Task objective:
Print out each entry without alteration, and keep the pictures out.

Entries provided:
::::

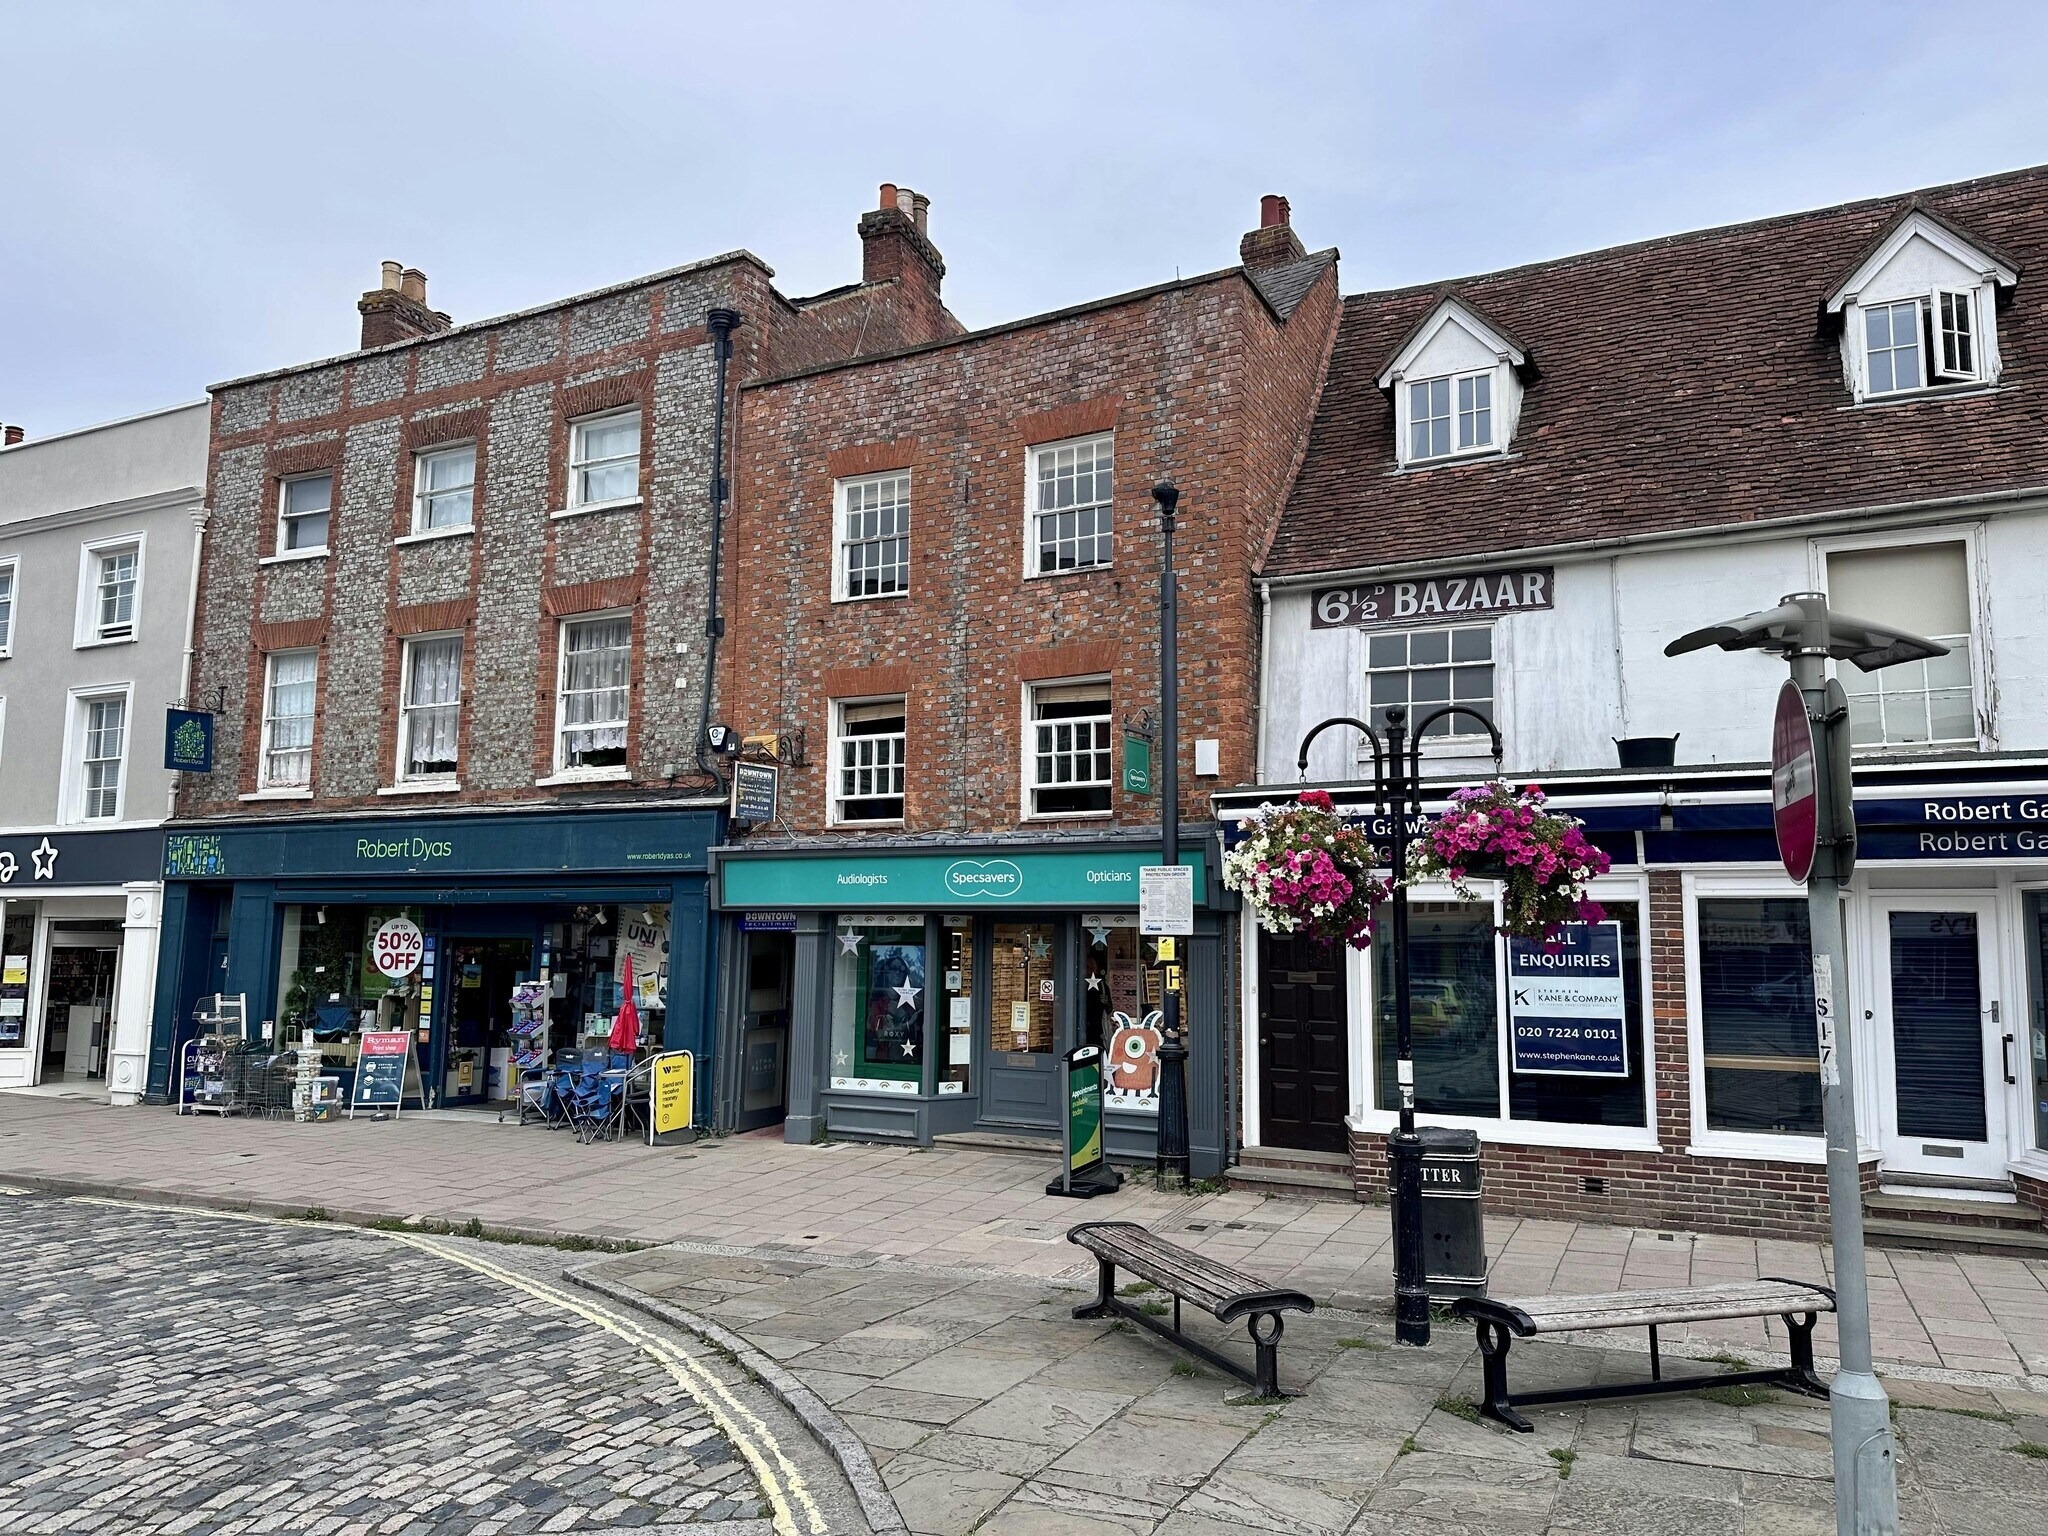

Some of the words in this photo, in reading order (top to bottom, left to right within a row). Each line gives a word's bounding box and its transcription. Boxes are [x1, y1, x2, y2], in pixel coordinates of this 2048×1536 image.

[1392, 572, 1547, 617] BAZAAR
[739, 768, 773, 779] DOWNTOWN
[1924, 801, 2012, 820] Robert
[1919, 831, 2008, 851] Robert
[356, 838, 409, 858] Robert
[412, 837, 452, 861] Dyas
[626, 852, 692, 860] www.robertdyas.co.uk
[836, 872, 888, 887] Audiologists
[952, 871, 1015, 886] Specsavers
[1086, 869, 1132, 884] Opticians
[745, 912, 797, 921] DOWNTOWN
[378, 932, 420, 950] 50%
[628, 924, 657, 943] UNI
[379, 952, 416, 970] OFF
[1519, 954, 1611, 968] ENQUIRIES
[1538, 994, 1562, 1002] KANE
[1572, 995, 1618, 1003] COMPANY
[366, 1036, 405, 1044] Ryman
[1518, 1027, 1542, 1037] 020
[1547, 1027, 1580, 1038] 7224
[1584, 1029, 1617, 1039] 0101
[1518, 1051, 1620, 1062] www.stephenkane.co.uk
[1072, 1083, 1098, 1098] Appointments
[1072, 1107, 1083, 1117] today
[1420, 1167, 1461, 1182] TTER

::::

Completed exercise:
Some of the words in this photo, in reading order (top to bottom, left to right within a row). Each line gives a word's bounding box and its transcription. Boxes are [x1, y1, x2, y2], in pixel coordinates of this 2048×1536 image.

[1392, 572, 1547, 617] BAZAAR
[739, 768, 773, 779] DOWNTOWN
[1924, 801, 2012, 820] Robert
[1919, 831, 2008, 851] Robert
[356, 838, 409, 858] Robert
[412, 837, 452, 861] Dyas
[626, 852, 692, 860] www.robertdyas.co.uk
[836, 872, 888, 887] Audiologists
[952, 871, 1015, 886] Specsavers
[1086, 869, 1132, 884] Opticians
[745, 912, 797, 921] DOWNTOWN
[378, 932, 420, 950] 50%
[628, 924, 657, 943] UNI
[379, 952, 416, 970] OFF
[1519, 954, 1611, 968] ENQUIRIES
[1538, 994, 1562, 1002] KANE
[1572, 995, 1618, 1003] COMPANY
[366, 1036, 405, 1044] Ryman
[1518, 1027, 1542, 1037] 020
[1547, 1027, 1580, 1038] 7224
[1584, 1029, 1617, 1039] 0101
[1518, 1051, 1620, 1062] www.stephenkane.co.uk
[1072, 1083, 1098, 1098] Appointments
[1072, 1107, 1083, 1117] today
[1420, 1167, 1461, 1182] TTER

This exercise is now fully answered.